San Francisco Fed President Mary Daly, long a dovish counterpoint to Bullard’s hawkishness, reiterated at a separate event that she too expects interest rate increases this year, even as she warned that overly aggressive tightening could hurt the job market.

And speaking earlier this week, Minneapolis Fed President Neel Kashkari said he now expects two rate hikes this year, a reversal from his long-held view that the Fed should hold off on rate hikes until 2024.

Fed policymakers are now effectively in two groups: “those who want to tighten policy, and those who want to tighten policy even faster,” wrote Bill Nelson, a former Fed economist who is now chief economist at the Bank Policy Institute.

While most Fed policymakers remain in the first group, he said, “such a distribution would result in upside but not downside risks to policy (barring major economic surprises, of course).”

It is a big shift from just a few months ago, when Fed policymakers could be roughly divided into three: those supporting faster tightening, those who embraced a slower approach, and a contingent against rate hikes for a year if not more.

But inflation is running at more than twice the Fed’s target of 2% and there is waning conviction at the Fed that the millions of workers sidelined by COVID-19 will quickly return to the labor force or that supply-chain constraints pushing up on prices will ease soon.

So the appetite for patience has given way to an eagerness to move that is at odds with the Fed’s continued, if slowing, purchases of Treasuries and mortgage-backed securities whose purpose is to stimulate the economy.

Last month U.S. central bankers agreed to end their asset purchases in March and laid the groundwork for what most of them see as at least three interest rate hikes this year.

Minutes of the meeting released on Wednesday showed that some Fed policymakers want to move even faster to tighten policy, including by shrinking the Fed’s $8 trillion-plus balance sheet.

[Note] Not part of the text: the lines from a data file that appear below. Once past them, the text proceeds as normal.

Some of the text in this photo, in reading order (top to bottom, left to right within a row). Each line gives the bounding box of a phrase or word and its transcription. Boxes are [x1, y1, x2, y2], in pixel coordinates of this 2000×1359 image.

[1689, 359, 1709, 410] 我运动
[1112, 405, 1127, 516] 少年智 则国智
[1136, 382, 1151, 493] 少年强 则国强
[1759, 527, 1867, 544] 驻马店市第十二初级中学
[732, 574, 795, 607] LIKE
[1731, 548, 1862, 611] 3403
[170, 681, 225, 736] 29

On Thursday Bullard said he and his colleagues had been surprised at how widespread inflation had become, and laid out the case for a more aggressive path to combat it.

“It makes sense to get going sooner rather than later so I think March would be a definite possibility based on data that we have today,” Bullard told reporters after a talk at the CFA Society of St. Louis. “This is not a situation where a particular price will go back to the pre-pandemic level and we won’t have to worry about this. This is an issue where Fed policy will have to influence where inflation goes.”

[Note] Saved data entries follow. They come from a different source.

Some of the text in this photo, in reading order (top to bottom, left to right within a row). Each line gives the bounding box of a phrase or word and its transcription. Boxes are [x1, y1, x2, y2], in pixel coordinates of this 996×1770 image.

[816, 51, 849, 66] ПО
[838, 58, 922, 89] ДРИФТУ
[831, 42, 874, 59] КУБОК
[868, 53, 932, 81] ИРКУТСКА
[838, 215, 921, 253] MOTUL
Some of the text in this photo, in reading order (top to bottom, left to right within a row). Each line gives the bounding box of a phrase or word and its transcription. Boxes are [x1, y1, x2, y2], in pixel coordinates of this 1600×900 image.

He added that “credibility is more at risk today than at any time” in his 30 years at the Fed.

The Fed, he said, “is in good position to take additional steps as necessary to control inflation, including allowing passive balance sheet runoff, increasing the policy rate, and adjusting the timing and pace of subsequent policy rate increases.”

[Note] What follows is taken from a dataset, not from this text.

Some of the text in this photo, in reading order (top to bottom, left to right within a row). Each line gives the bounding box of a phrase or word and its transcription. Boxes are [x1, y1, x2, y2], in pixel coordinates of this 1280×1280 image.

Speaking at an Irish central bank event, Daly for her part also said the Fed should raise interest rates this year, in the face of a “very strong” labor market and to rein in high inflation that acts as a “repressive tax.”

Still, she said, the U.S. central bank’s approach ought to be “measured.”

“If we act too aggressively to offset the high inflation that’s caused by the supply and demand imbalances, we won’t actually do very much to solve the supply chain problems, but we will absolutely bridle the economy in a way that will mean less job creation down the road,” Daly said.

With interest rates as low as they are – the Fed has kept its benchmark overnight interest rate pinned near zero since March of 2020 – “raising them a little bit is not the same as constraining the economy,” she said.

Daly added that it is a “very different conversation” from reducing the balance sheet, as doing so would only come after the Fed has begun normalizing interest rates.